Providing General Security Information Using ISecurityInfo

The data provider implements the ISecurityInfo interface so that consumers can discover some general information about the security in the data store. The ISecurityInfo interface has the following methods that allow the consumer to identify the current trustee, to determine which types of database objects support security, and to determine which permissions are available for those objects:

• ISecurityInfo::GetCurrentTrustee   This method allows the consumer to identify the trustee currently connected to the data source object. Knowing the current trustee is important when performing some trustee administration and access control administration tasks. The data provider responds to GetCurrentTrustee by allocating memory for a TRUSTEE structure and returning a pointer to the structure.
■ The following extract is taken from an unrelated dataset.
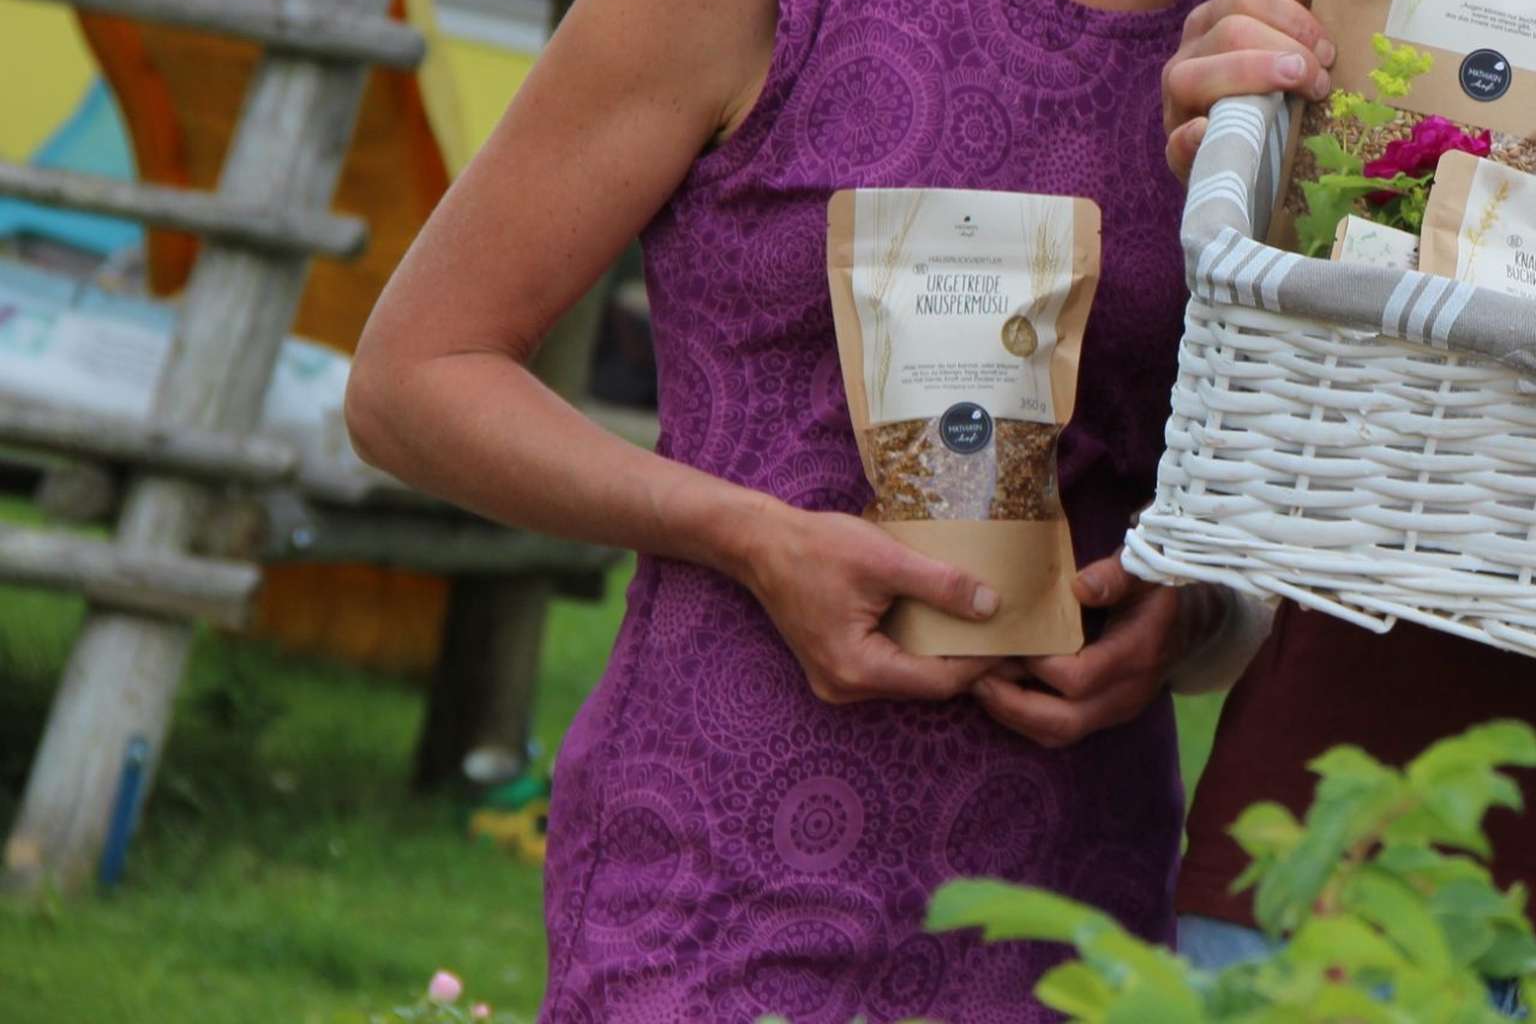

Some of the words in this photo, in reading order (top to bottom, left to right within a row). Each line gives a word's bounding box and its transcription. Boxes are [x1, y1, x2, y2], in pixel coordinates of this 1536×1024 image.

[927, 274, 1001, 294] URGETREIDE
[1020, 397, 1039, 410] 350
[1039, 401, 1047, 413] g
The consumer must free the structure when it is finished using it.
  
  
• ISecurityInfo::GetObjectTypes   This method allows the consumer to determine which types of database objects in the data store support access control structures for authorization. In response to GetObjectTypes, the data provider creates an array of GUIDs, each of which represents an object that supports access control. These object type GUIDs are listed in the programmer's reference section of this guide. The consumer releases the array when it is finished using it.
  
  
• ISecurityInfo::GetPermissions   This method allows consumers to discover the permissions that are available for a given type of object rather than for a specific object. The data provider responds to GetPermissions by filling out an ACCESS_MASK structure passed into the method. Use the ACCESS_MASK constants listed in the programmer's reference section of this guide to examine and change the ACCESS_MASK structure.

Most other useful security information can be determined through the trustee administration and access control administration tasks.